Singaporean Officials Rebuff CNRP Questions Over Sand Exports

Singaporean officials last week declined a request by CNRP parliamentarians to release documents related to the city-state’s controversial import of Cambodian sand, opposition lawmaker Son Chhay said on Sunday.

In a letter dated March 7, 10 CNRP lawmakers requested that Michael Tan, the Singaporean ambassador to Cambodia, and his government release records related to the country’s import of Cambodian sand from 2007 through 2016, after evidence emerged last year of a massive discrepancy in the amount of Cambodian sand imported by Singapore.

cam graphic sand md
Differing accounts of sand trade from Cambodia to Singapore, measured in metric tons.
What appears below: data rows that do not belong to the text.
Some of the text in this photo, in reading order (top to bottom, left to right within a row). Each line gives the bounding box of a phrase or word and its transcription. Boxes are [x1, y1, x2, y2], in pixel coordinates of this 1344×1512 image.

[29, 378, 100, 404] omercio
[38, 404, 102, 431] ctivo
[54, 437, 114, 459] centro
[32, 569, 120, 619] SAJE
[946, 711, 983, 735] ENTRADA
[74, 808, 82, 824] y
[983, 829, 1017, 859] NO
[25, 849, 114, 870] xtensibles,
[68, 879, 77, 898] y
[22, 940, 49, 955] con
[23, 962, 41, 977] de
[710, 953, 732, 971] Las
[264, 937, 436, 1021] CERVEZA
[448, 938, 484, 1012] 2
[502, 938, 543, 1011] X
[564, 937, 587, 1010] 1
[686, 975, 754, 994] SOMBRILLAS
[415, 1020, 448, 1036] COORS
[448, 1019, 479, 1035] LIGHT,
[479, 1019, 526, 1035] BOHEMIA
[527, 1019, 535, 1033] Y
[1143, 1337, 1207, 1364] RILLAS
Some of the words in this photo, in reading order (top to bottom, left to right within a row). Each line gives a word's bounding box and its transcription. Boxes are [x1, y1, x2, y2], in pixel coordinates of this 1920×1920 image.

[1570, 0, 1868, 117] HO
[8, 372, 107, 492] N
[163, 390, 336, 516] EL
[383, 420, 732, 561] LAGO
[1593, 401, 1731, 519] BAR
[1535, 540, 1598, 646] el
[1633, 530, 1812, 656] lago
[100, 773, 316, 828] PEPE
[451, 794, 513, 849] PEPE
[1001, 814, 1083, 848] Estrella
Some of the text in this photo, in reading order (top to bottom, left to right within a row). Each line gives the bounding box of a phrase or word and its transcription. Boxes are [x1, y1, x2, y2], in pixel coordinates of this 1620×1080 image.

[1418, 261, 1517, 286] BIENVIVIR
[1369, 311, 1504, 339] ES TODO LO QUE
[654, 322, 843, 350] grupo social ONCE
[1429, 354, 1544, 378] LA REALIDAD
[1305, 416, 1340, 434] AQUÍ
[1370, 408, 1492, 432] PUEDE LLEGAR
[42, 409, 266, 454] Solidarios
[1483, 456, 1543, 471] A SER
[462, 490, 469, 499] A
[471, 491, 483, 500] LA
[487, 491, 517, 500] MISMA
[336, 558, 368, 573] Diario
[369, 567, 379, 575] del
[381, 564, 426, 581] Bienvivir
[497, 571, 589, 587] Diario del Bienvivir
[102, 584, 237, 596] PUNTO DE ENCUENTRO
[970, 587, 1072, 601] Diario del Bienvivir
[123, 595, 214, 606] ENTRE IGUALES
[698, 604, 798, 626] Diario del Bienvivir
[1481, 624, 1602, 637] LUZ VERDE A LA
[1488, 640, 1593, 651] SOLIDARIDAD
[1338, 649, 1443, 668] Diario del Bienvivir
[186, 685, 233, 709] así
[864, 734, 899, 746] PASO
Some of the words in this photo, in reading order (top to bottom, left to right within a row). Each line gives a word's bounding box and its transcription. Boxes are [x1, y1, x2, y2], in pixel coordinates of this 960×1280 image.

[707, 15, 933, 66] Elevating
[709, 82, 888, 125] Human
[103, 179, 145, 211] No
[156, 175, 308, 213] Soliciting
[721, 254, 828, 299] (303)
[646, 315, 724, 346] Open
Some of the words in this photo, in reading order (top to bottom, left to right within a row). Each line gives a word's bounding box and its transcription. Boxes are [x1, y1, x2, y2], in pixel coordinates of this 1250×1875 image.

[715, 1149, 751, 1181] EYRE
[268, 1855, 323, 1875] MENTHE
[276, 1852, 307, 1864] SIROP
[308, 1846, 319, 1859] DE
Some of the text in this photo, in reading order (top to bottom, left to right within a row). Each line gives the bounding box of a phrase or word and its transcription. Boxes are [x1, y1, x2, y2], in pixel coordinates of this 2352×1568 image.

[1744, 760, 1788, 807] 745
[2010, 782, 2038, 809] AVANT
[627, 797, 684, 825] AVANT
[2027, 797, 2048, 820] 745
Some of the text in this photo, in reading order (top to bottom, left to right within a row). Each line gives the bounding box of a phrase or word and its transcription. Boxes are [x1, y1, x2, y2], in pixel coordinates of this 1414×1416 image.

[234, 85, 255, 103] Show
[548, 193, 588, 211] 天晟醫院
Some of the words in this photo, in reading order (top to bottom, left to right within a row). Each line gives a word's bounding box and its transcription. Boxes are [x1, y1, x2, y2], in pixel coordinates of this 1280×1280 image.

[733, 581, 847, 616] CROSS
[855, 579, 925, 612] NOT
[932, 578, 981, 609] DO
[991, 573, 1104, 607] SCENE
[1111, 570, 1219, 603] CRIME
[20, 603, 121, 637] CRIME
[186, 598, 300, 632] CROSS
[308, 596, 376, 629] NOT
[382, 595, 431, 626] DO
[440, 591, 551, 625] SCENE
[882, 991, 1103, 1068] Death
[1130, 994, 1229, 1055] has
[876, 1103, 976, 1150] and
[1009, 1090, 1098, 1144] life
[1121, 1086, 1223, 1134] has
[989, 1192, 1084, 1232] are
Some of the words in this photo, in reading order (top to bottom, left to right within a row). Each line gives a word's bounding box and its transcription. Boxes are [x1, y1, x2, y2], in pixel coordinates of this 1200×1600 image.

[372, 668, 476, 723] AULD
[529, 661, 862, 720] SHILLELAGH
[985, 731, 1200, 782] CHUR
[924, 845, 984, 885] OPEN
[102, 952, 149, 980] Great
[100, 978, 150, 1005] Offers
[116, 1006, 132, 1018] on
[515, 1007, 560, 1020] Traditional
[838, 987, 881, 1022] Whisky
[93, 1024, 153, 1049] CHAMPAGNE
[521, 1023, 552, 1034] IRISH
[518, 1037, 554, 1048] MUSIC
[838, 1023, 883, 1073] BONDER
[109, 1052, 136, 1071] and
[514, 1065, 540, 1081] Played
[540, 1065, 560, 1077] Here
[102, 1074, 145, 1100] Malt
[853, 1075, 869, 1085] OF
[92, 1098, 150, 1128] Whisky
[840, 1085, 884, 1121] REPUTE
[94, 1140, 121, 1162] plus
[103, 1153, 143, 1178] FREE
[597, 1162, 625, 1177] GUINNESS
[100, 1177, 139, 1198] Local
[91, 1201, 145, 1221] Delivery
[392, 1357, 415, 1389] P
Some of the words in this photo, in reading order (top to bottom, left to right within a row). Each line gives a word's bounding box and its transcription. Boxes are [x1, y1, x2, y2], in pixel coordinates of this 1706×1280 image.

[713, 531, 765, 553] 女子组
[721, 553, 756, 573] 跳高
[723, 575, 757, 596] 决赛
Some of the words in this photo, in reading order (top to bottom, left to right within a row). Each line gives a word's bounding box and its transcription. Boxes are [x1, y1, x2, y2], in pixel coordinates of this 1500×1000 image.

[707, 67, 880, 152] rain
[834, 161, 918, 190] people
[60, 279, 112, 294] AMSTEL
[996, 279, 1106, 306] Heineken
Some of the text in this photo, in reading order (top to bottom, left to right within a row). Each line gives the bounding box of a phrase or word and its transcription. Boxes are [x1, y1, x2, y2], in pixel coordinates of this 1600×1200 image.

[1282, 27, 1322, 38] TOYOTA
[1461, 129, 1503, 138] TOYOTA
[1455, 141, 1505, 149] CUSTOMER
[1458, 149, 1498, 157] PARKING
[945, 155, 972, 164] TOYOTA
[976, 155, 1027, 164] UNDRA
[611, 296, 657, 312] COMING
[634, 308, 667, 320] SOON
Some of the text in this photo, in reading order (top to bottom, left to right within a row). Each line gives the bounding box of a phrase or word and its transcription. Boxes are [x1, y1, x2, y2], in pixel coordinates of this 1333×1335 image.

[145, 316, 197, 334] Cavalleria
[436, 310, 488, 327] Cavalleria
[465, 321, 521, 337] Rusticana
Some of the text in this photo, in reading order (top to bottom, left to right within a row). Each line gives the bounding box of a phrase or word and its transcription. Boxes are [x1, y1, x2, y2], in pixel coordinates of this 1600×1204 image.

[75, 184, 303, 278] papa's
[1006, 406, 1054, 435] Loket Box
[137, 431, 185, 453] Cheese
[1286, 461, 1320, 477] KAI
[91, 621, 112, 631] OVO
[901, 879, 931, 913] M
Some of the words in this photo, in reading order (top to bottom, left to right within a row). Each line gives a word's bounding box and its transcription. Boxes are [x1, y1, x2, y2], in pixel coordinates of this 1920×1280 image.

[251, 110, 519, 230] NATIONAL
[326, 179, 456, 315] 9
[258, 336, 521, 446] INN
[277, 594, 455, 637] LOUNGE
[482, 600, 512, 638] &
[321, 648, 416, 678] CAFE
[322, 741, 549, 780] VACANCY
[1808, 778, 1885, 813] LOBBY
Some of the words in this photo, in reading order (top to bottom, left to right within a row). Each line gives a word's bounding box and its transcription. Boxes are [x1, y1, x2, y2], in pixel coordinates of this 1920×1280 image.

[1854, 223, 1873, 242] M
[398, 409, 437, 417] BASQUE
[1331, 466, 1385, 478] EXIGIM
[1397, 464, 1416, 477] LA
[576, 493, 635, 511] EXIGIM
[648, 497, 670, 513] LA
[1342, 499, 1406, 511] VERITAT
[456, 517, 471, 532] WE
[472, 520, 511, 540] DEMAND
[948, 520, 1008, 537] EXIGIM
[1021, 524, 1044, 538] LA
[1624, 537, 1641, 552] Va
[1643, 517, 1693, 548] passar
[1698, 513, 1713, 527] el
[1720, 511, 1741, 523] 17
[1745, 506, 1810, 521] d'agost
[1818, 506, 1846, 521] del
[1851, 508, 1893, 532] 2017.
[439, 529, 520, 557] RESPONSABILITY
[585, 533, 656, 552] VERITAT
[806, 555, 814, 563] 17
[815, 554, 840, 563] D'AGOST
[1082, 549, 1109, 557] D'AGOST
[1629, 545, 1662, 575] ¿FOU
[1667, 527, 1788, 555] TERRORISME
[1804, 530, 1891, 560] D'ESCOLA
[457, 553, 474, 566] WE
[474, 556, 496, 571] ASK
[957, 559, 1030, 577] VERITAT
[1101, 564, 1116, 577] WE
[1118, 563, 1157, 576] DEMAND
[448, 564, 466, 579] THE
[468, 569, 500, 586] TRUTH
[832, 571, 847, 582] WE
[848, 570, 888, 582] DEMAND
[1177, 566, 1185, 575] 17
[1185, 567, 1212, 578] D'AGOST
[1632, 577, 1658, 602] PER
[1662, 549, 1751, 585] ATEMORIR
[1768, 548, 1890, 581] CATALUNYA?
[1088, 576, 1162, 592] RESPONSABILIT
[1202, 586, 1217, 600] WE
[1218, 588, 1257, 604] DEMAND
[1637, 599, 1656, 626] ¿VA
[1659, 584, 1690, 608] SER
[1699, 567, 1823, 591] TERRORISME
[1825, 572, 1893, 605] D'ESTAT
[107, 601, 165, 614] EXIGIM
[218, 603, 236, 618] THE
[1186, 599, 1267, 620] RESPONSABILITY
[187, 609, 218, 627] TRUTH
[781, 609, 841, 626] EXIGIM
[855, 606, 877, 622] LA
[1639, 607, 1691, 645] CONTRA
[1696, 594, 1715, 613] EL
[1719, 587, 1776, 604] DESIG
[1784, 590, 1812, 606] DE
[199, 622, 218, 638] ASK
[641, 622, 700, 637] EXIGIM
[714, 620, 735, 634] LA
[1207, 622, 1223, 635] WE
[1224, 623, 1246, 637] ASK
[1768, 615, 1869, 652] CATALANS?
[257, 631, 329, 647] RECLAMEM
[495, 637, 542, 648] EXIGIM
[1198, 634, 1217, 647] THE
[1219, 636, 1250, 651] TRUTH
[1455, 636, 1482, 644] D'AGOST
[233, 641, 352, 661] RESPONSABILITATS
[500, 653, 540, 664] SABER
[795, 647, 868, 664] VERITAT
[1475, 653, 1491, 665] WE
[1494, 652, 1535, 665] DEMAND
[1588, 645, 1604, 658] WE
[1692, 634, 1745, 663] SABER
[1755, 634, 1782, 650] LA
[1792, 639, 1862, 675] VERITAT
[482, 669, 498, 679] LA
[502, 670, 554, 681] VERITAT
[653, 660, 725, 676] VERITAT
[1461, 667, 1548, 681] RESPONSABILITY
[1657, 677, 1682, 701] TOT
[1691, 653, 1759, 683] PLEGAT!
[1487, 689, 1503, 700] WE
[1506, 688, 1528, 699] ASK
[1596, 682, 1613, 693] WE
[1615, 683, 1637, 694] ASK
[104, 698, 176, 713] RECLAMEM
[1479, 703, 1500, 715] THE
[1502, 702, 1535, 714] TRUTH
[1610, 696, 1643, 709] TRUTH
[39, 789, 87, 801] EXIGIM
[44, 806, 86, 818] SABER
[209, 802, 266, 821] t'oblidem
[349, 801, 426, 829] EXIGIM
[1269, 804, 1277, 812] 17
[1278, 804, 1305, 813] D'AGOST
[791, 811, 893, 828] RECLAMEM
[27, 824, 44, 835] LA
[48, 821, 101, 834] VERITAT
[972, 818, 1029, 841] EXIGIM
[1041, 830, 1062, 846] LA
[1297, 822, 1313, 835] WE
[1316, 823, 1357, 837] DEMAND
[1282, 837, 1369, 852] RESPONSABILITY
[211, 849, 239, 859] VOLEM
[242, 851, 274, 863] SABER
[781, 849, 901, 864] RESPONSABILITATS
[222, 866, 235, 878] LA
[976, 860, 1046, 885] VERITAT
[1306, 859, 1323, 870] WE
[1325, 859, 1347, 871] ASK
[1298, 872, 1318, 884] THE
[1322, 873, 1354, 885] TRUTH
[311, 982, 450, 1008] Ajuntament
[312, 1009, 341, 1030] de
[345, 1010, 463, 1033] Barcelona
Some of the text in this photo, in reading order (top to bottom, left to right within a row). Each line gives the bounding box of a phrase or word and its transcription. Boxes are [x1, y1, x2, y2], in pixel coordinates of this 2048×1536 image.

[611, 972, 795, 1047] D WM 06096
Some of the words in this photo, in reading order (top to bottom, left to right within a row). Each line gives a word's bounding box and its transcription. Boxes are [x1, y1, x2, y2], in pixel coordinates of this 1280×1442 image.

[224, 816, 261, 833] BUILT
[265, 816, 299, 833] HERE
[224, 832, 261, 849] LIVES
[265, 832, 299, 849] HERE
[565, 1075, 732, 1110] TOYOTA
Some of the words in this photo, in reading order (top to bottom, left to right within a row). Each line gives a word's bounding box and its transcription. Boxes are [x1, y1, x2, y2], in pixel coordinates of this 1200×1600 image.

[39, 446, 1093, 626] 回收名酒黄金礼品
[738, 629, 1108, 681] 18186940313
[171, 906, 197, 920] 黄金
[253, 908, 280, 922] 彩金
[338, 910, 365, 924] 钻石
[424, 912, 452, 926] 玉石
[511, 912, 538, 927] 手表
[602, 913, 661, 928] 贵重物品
“Failure to effectively allay these suspicions and to collaborate with us might tarnish the reputation of Singapore, a country regarded as being one of Asia’s most transparent and least corrupt,” the lawmakers wrote.

The embassy’s first secretary met with Mr. Chhay on Tuesday to discuss the request, Mr. Chhay said on Sunday. But the official told the lawmaker that the hearing was merely a courtesy.

“They don’t respond to the opposition or NGOs…just the government,” Mr. Chhay said. “I think that the Singapore side is trying to hide something. They are not honest with us.”

Singapore recorded importing about 70 million more tons of sand from Cambodia than Cambodia reported sending to the island from 2007 to 2015, according to data sent by both countries to the U.N. Commodity Trade Statistics Database.

The data show that in recent years, Cambodia has become the leading sand supplier for Singapore, the world’s top sand importer, to buttress the island’s massive reclamation projects.

Officials from Singapore’s embassy and regulatory body involved in sand imports did not immediately respond to requests for comment.

But Mr. Chhay said the first secretary repeated his government’s confidence in its statistics, saying that “the Cambodian government might calculate [exports] in its own way.”

Officials from Cambodia’s Mines and Energy Ministry have suggested that shippers may have illicitly imported sand from other countries using the Cambodian flag.